- ABOUT THIS TASK: Repeat every record exactly as given.

(Dataset entries)
++++

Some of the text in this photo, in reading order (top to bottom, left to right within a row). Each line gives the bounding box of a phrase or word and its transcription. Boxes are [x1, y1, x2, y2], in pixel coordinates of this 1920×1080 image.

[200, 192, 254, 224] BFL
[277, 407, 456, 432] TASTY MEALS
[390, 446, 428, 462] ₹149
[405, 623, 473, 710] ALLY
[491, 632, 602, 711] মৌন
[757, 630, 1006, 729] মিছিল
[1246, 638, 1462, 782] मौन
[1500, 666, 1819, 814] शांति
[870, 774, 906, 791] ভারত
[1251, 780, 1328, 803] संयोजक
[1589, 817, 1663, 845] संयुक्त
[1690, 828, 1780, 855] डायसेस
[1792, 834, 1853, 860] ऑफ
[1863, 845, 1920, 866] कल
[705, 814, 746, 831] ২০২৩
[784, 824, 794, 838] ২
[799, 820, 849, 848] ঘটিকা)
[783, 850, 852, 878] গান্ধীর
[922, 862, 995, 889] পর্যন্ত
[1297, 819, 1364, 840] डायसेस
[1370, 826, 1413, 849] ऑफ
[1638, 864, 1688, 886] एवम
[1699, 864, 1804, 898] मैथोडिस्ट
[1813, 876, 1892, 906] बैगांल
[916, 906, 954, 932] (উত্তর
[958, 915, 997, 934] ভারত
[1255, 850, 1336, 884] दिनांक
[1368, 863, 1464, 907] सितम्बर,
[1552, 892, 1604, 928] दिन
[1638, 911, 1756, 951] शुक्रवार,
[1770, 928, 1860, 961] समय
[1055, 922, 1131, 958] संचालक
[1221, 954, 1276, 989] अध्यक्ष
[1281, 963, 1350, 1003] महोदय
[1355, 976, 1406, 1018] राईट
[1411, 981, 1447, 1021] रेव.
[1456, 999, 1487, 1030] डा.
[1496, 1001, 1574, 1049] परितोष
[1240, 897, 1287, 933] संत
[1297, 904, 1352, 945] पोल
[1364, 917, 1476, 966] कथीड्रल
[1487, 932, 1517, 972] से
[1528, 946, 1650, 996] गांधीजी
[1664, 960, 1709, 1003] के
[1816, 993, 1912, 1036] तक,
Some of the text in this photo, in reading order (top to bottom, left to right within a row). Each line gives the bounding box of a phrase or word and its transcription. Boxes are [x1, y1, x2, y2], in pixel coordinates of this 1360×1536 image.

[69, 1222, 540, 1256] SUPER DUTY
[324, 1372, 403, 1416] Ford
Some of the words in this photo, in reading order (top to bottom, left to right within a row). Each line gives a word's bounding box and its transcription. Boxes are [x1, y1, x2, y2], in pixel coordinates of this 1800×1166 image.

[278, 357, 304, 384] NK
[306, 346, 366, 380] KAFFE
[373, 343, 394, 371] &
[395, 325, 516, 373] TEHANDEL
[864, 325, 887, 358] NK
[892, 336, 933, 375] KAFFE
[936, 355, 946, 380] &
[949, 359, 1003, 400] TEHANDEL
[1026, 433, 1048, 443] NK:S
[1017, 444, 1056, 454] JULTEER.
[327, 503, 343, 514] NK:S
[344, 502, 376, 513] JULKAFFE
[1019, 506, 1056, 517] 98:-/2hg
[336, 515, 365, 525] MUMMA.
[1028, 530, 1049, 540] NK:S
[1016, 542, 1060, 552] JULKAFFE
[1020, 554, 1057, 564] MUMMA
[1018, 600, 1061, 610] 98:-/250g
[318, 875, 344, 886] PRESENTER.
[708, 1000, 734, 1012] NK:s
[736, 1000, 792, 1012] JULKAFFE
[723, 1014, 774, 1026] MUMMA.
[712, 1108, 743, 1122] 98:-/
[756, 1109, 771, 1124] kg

++++

- RESPONSE AREA:
Some of the text in this photo, in reading order (top to bottom, left to right within a row). Each line gives the bounding box of a phrase or word and its transcription. Boxes are [x1, y1, x2, y2], in pixel coordinates of this 1920×1080 image.

[200, 192, 254, 224] BFL
[277, 407, 456, 432] TASTY MEALS
[390, 446, 428, 462] ₹149
[405, 623, 473, 710] ALLY
[491, 632, 602, 711] মৌন
[757, 630, 1006, 729] মিছিল
[1246, 638, 1462, 782] मौन
[1500, 666, 1819, 814] शांति
[870, 774, 906, 791] ভারত
[1251, 780, 1328, 803] संयोजक
[1589, 817, 1663, 845] संयुक्त
[1690, 828, 1780, 855] डायसेस
[1792, 834, 1853, 860] ऑफ
[1863, 845, 1920, 866] कल
[705, 814, 746, 831] ২০২৩
[784, 824, 794, 838] ২
[799, 820, 849, 848] ঘটিকা)
[783, 850, 852, 878] গান্ধীর
[922, 862, 995, 889] পর্যন্ত
[1297, 819, 1364, 840] डायसेस
[1370, 826, 1413, 849] ऑफ
[1638, 864, 1688, 886] एवम
[1699, 864, 1804, 898] मैथोडिस्ट
[1813, 876, 1892, 906] बैगांल
[916, 906, 954, 932] (উত্তর
[958, 915, 997, 934] ভারত
[1255, 850, 1336, 884] दिनांक
[1368, 863, 1464, 907] सितम्बर,
[1552, 892, 1604, 928] दिन
[1638, 911, 1756, 951] शुक्रवार,
[1770, 928, 1860, 961] समय
[1055, 922, 1131, 958] संचालक
[1221, 954, 1276, 989] अध्यक्ष
[1281, 963, 1350, 1003] महोदय
[1355, 976, 1406, 1018] राईट
[1411, 981, 1447, 1021] रेव.
[1456, 999, 1487, 1030] डा.
[1496, 1001, 1574, 1049] परितोष
[1240, 897, 1287, 933] संत
[1297, 904, 1352, 945] पोल
[1364, 917, 1476, 966] कथीड्रल
[1487, 932, 1517, 972] से
[1528, 946, 1650, 996] गांधीजी
[1664, 960, 1709, 1003] के
[1816, 993, 1912, 1036] तक,
Some of the text in this photo, in reading order (top to bottom, left to right within a row). Each line gives the bounding box of a phrase or word and its transcription. Boxes are [x1, y1, x2, y2], in pixel coordinates of this 1360×1536 image.

[69, 1222, 540, 1256] SUPER DUTY
[324, 1372, 403, 1416] Ford
Some of the words in this photo, in reading order (top to bottom, left to right within a row). Each line gives a word's bounding box and its transcription. Boxes are [x1, y1, x2, y2], in pixel coordinates of this 1800×1166 image.

[278, 357, 304, 384] NK
[306, 346, 366, 380] KAFFE
[373, 343, 394, 371] &
[395, 325, 516, 373] TEHANDEL
[864, 325, 887, 358] NK
[892, 336, 933, 375] KAFFE
[936, 355, 946, 380] &
[949, 359, 1003, 400] TEHANDEL
[1026, 433, 1048, 443] NK:S
[1017, 444, 1056, 454] JULTEER.
[327, 503, 343, 514] NK:S
[344, 502, 376, 513] JULKAFFE
[1019, 506, 1056, 517] 98:-/2hg
[336, 515, 365, 525] MUMMA.
[1028, 530, 1049, 540] NK:S
[1016, 542, 1060, 552] JULKAFFE
[1020, 554, 1057, 564] MUMMA
[1018, 600, 1061, 610] 98:-/250g
[318, 875, 344, 886] PRESENTER.
[708, 1000, 734, 1012] NK:s
[736, 1000, 792, 1012] JULKAFFE
[723, 1014, 774, 1026] MUMMA.
[712, 1108, 743, 1122] 98:-/
[756, 1109, 771, 1124] kg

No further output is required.